The study, published in The Journal of Child Psychology and Psychiatry, found the risk of self-harm increased in the months preceding melatonin prescription and decreased thereafter, especially in girls. 

Melatonin is the most commonly prescribed drug for sleep disturbances in children and adolescents in Sweden, according to a press release by Karolinska Institutet, which notes that melatonin use has dramatically increased in recent years. It has been available over the counter in Sweden since 2020.

“Given the established link between sleep problems, depression, and self-harm, we wanted to explore whether medical sleep treatment is associated with a lower rate of intentional self-harm in young people,” says Sarah Bergen, PhD, docent at the Department of Medical Epidemiology and Biostatistics at Karolinska Institutet, who led the study, in a press release.

Psychiatric Disorders Were Common

The study identified over 25,500 children and teenagers between the ages of 6 and 18 who were prescribed melatonin in Sweden. Over 87% had at least one psychiatric disorder, mainly attention-deficit hyperactivity disorder, anxiety disorders, depression, or autism spectrum disorder. Self-harm was about five times more common in girls than in boys.

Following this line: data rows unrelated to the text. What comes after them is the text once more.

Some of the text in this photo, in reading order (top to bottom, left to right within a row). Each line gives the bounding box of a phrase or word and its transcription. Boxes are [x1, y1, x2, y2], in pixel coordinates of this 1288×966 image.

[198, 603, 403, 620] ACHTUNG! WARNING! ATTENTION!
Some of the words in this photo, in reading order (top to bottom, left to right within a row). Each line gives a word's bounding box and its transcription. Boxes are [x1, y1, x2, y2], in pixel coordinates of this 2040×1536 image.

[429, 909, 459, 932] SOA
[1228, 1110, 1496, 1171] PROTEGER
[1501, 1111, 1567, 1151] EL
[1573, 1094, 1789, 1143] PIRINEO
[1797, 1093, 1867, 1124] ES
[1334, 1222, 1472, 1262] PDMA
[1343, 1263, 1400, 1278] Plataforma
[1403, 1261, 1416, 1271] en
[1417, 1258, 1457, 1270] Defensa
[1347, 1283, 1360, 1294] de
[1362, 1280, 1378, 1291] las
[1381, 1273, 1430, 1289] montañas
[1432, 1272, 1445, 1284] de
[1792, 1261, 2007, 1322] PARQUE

The researchers estimated the risks of self-harm in the same individual while on or off medication by comparing the risk in the last unmedicated month with the 12 months after melatonin treatment was initiated. By doing so, they were able to take into account background factors that may affect associations, such as genetics, sleep disorder severity, or psychiatric disorders.

The risk of self-harm increased shortly before melatonin was prescribed and decreased by about half in the months following the initiation of treatment. Risk reduction was particularly evident among adolescent girls with depression and/or anxiety disorders.

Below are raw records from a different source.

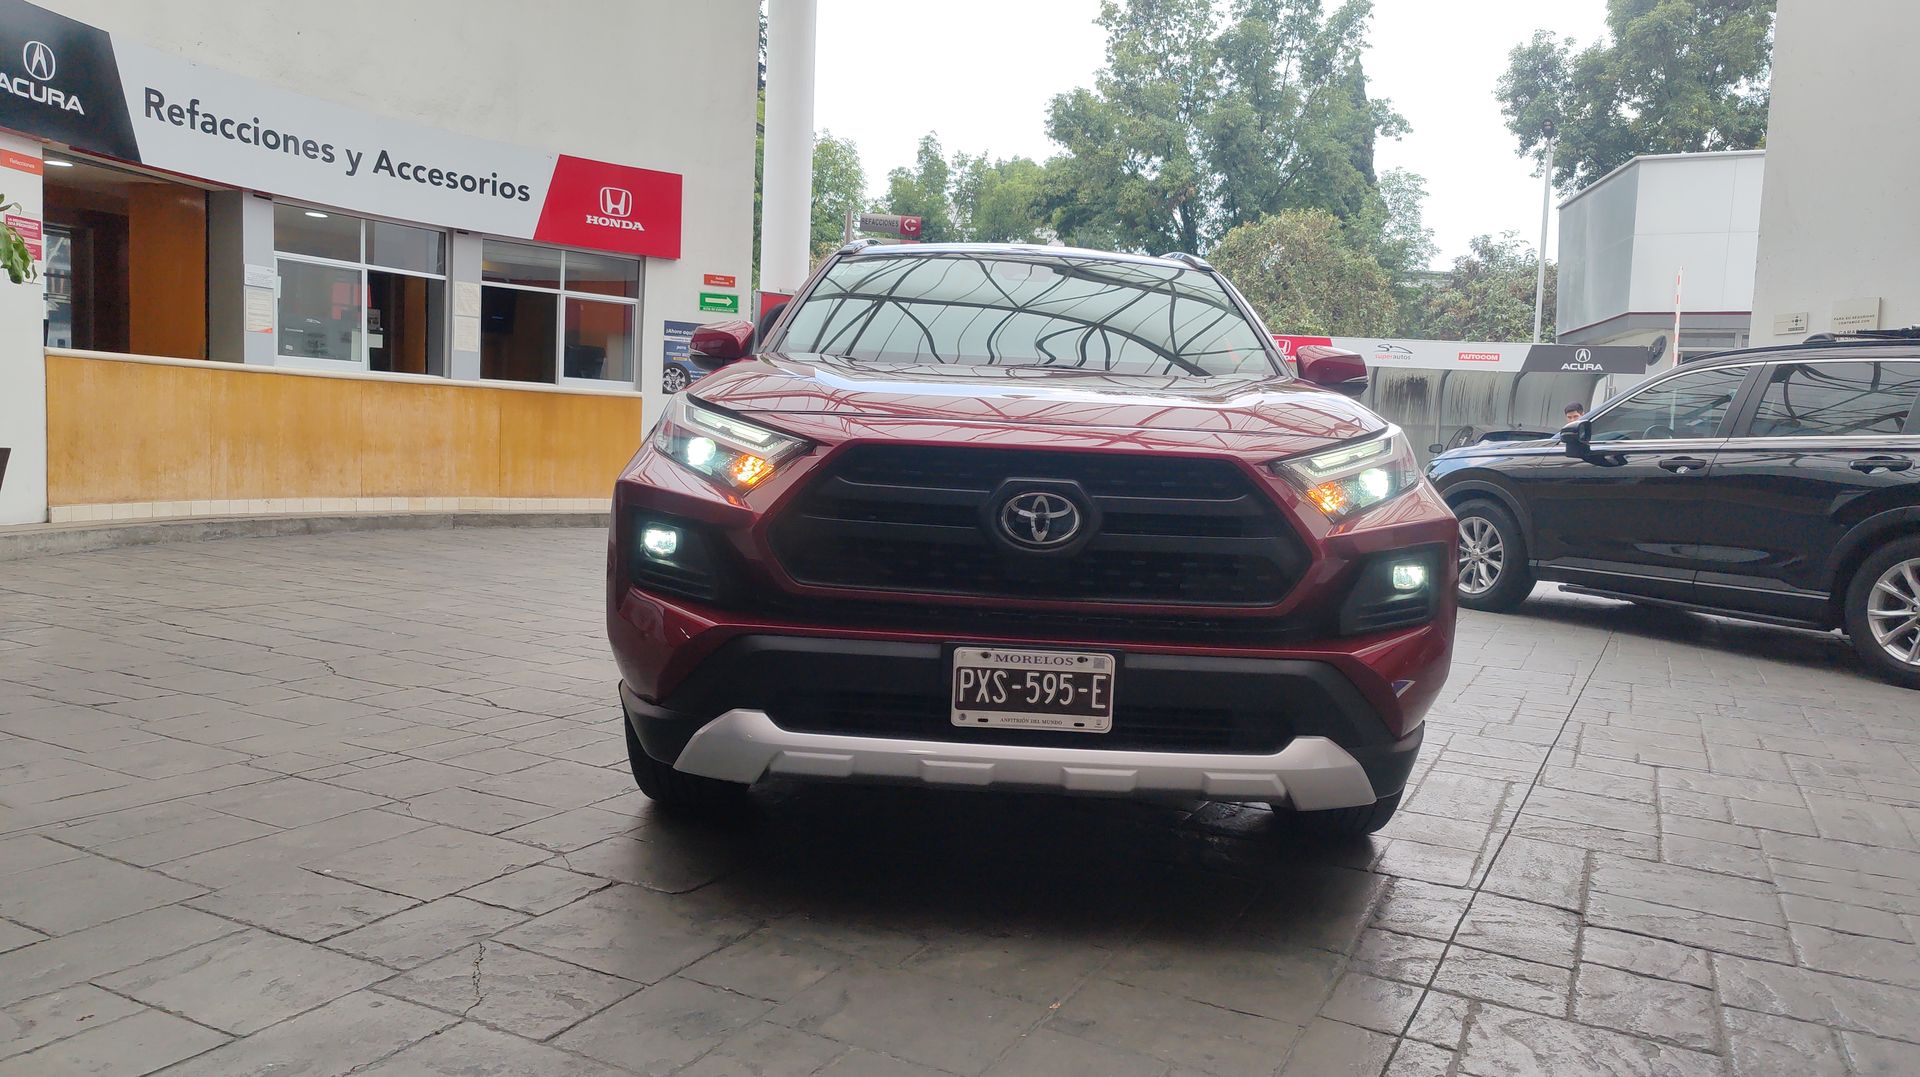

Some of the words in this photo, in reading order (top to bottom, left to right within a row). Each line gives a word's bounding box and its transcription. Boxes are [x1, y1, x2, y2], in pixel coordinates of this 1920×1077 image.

[0, 72, 85, 115] ACURA
[144, 86, 336, 164] Refacciones
[344, 148, 363, 177] y
[372, 149, 531, 202] Accesorios
[585, 214, 646, 232] HONDA
[860, 217, 898, 228] REFACCIONES
[1459, 353, 1499, 361] AUTOCOM
[1561, 363, 1603, 371] ACURA
[994, 654, 1074, 666] MORELOS
[959, 669, 1107, 709] PXS-595-E
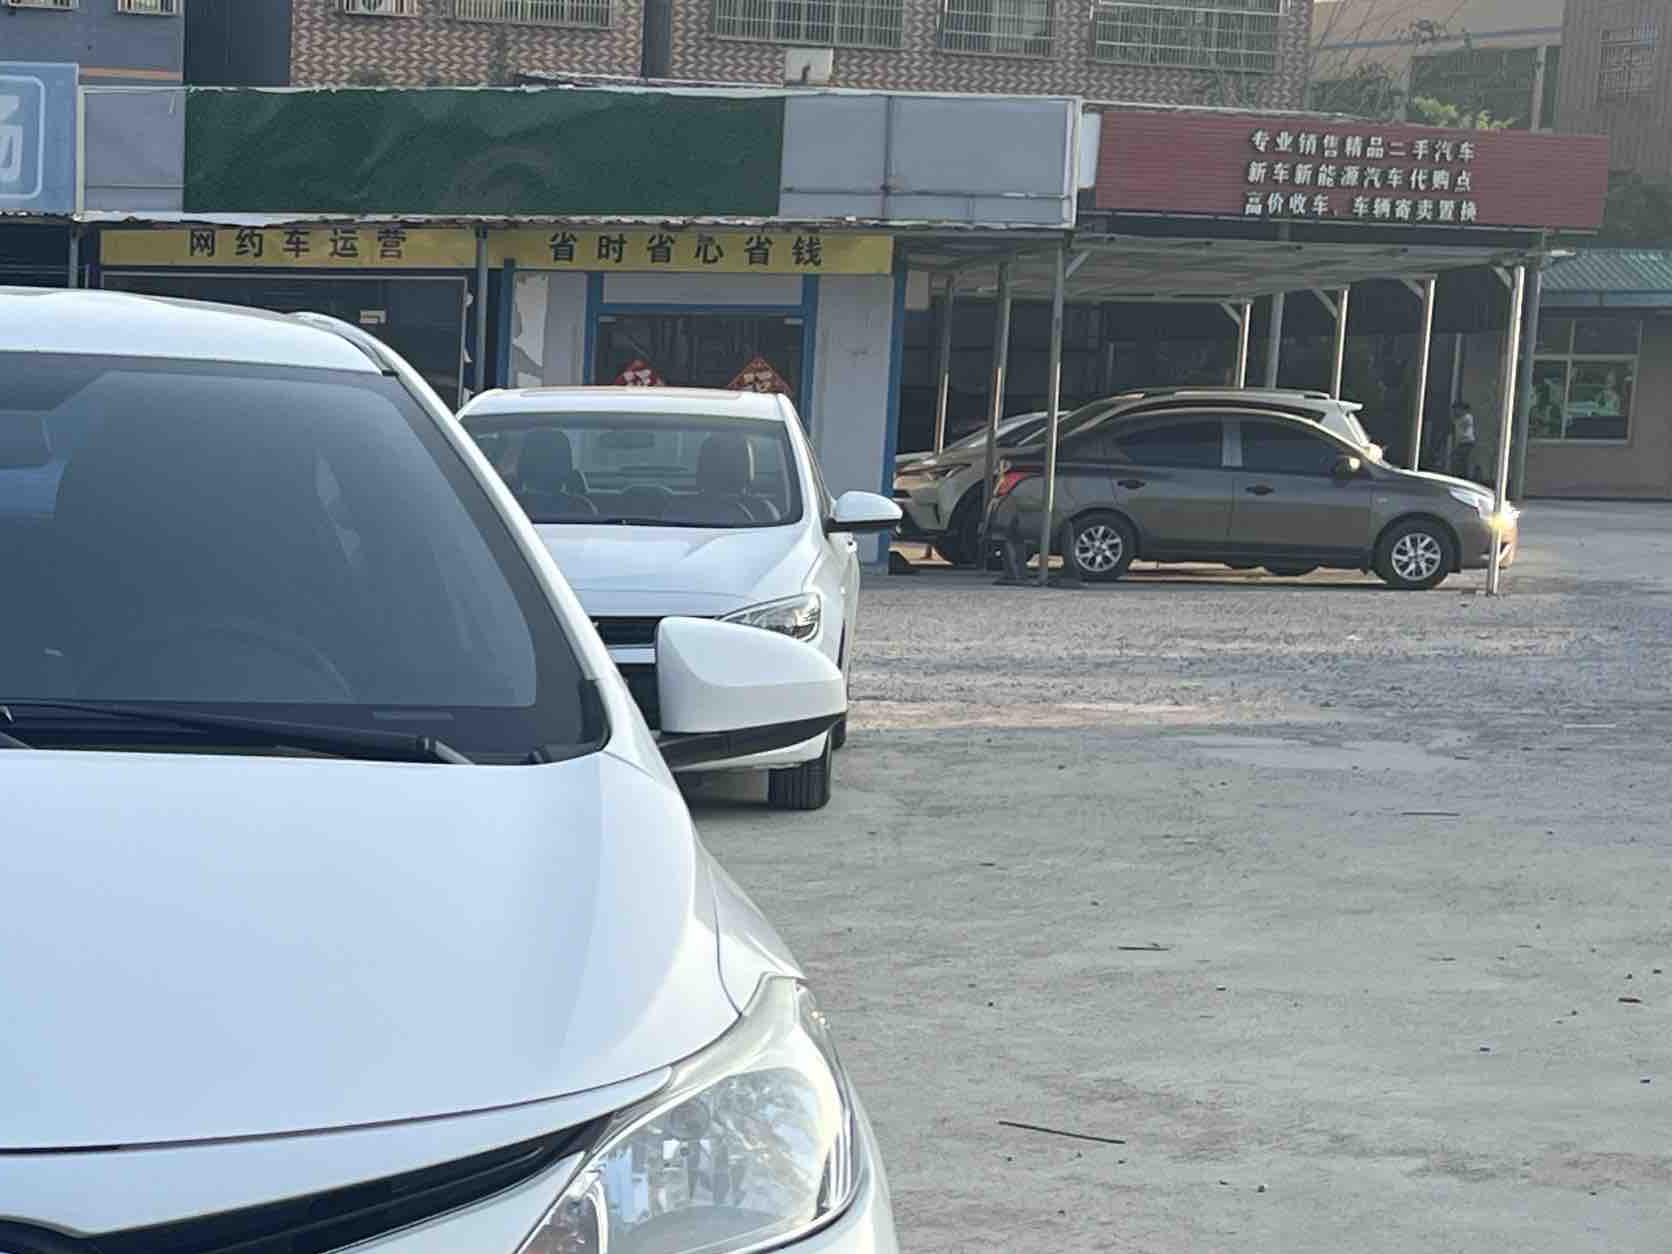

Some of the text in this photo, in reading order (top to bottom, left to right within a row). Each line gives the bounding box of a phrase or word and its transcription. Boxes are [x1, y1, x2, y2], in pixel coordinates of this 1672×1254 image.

[1251, 129, 1476, 163] 专业销售精品二手汽车
[1247, 160, 1472, 192] 新车新能源汽车代购点
[189, 227, 409, 261] 网约车运营
[548, 232, 824, 266] 省时省心省钱

Youth Mental Health Crisis

“There is currently a youth mental health crisis, and the risk of self-harm and suicide is high,” says Bergen in a press release. “Our findings support the hypothesis that sleep interventions may reduce self-harm in this population, especially in girls.”

As it was an observational study, it cannot establish a causal relationship between melatonin and reduced self-harm rates. To check whether the use of other medications might have affected the findings, analyses were also carried out which excluded antidepressant users. The results were similar.

“This suggests that melatonin might be responsible for the reduced self-harm rates, but we cannot rule out that the use of other psychiatric medications or psychotherapy may have influenced the findings,” says Marica Leone, PhD, first author of the study, in a press release.